BER Structural Biology and Imaging Resources
Synchrotron, Neutron, and Cryo-EM
U.S. Department of Energy | Office of Science | Office of Biological and Environmental Research

Cell and Tissue Structure

The following are imaging and characterization techniques that can be used to study cell and tissue structure.

Cryo-Electron Microscopy and Tomography

Using electrons, cryo-electron microscopy (cryo-EM) and cryo-electron tomography (cryo-ET) techniques provide images of biological materials that are frozen in their native state, ranging from proteins to very large biological assemblies and complexes, at variable resolutions that stretch to the atomic level. Studies are done in two- and three dimensions and do not require crystalline materials.

Neutron Imaging

Neutron imaging includes neutron radiography and computed tomography. Taking advantage of H/D contrast, and the high penetrating power and the nondestructive nature of neutrons, it is possible to study structures of a wide range of hierarchical and complex materials of biological relevance at a resolution of ~50 µm. Examples include transport and interactions of fluids in porous media, plant-plant and plant-fungal interactions, pore structure and voids in soil under environmentally relevant conditions, and cavitation and gas embolism in plant-soil-groundwater systems.

Soft X-Ray Tomography

There are several variants of X-ray imaging, including 2D and 3D (tomography), that use both soft and hard X-rays.
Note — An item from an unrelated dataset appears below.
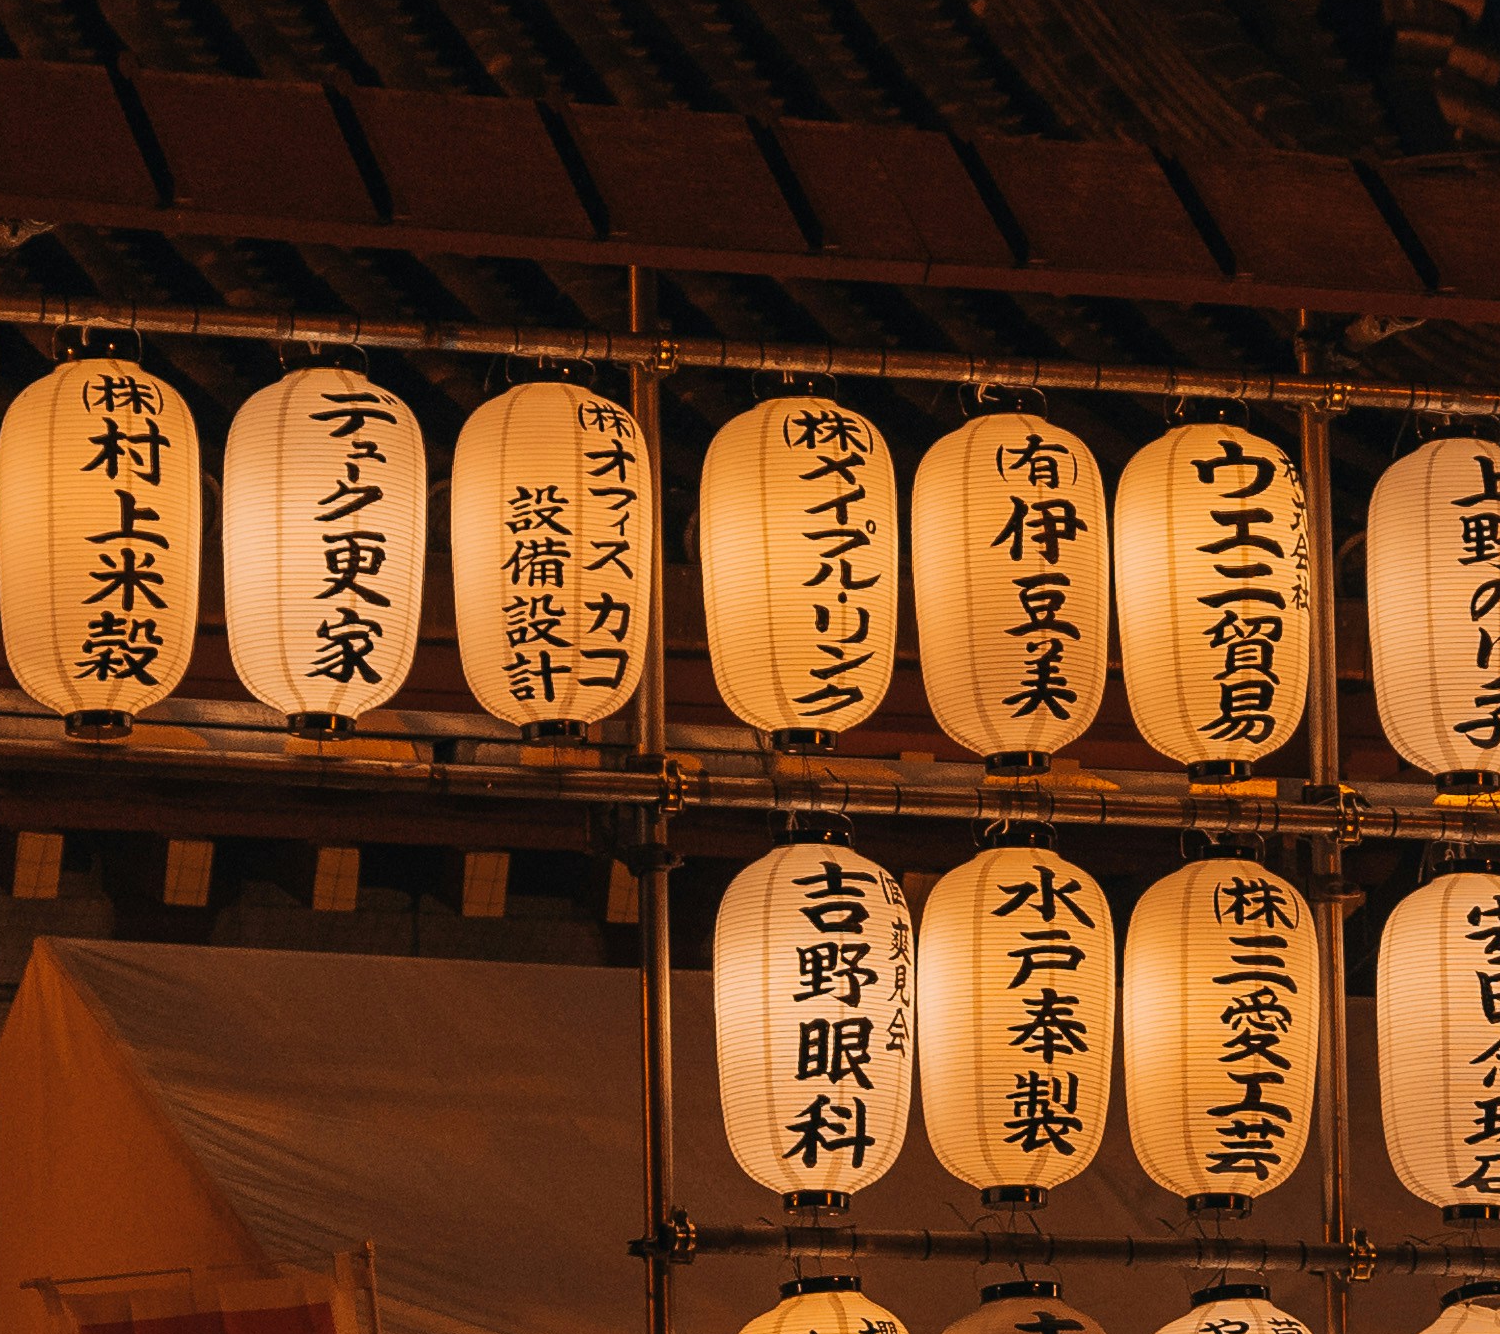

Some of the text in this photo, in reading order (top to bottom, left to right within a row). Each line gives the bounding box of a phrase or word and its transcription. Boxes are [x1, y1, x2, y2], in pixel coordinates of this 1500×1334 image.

[305, 392, 399, 685] デューク更家
[501, 485, 574, 704] 設備設計
[782, 860, 879, 1169] 吉野眼科
Soft X-ray tomography can be used to image the 3D structural organization of whole, hydrated biological cells in the native state down to a resolution of about 35 nm. Hard X-ray tomography can provide 2D and 3D information on more strongly absorbing and less radiation sensitive biological materials with a resolution of 30 nm or less. A variant of X-ray imaging, called spectromicroscopy, provides spatially resolved information about metal distribution and chemical speciation in materials of biological and medical relevance, including tissues with resolutions typically from submicrons to millimeters.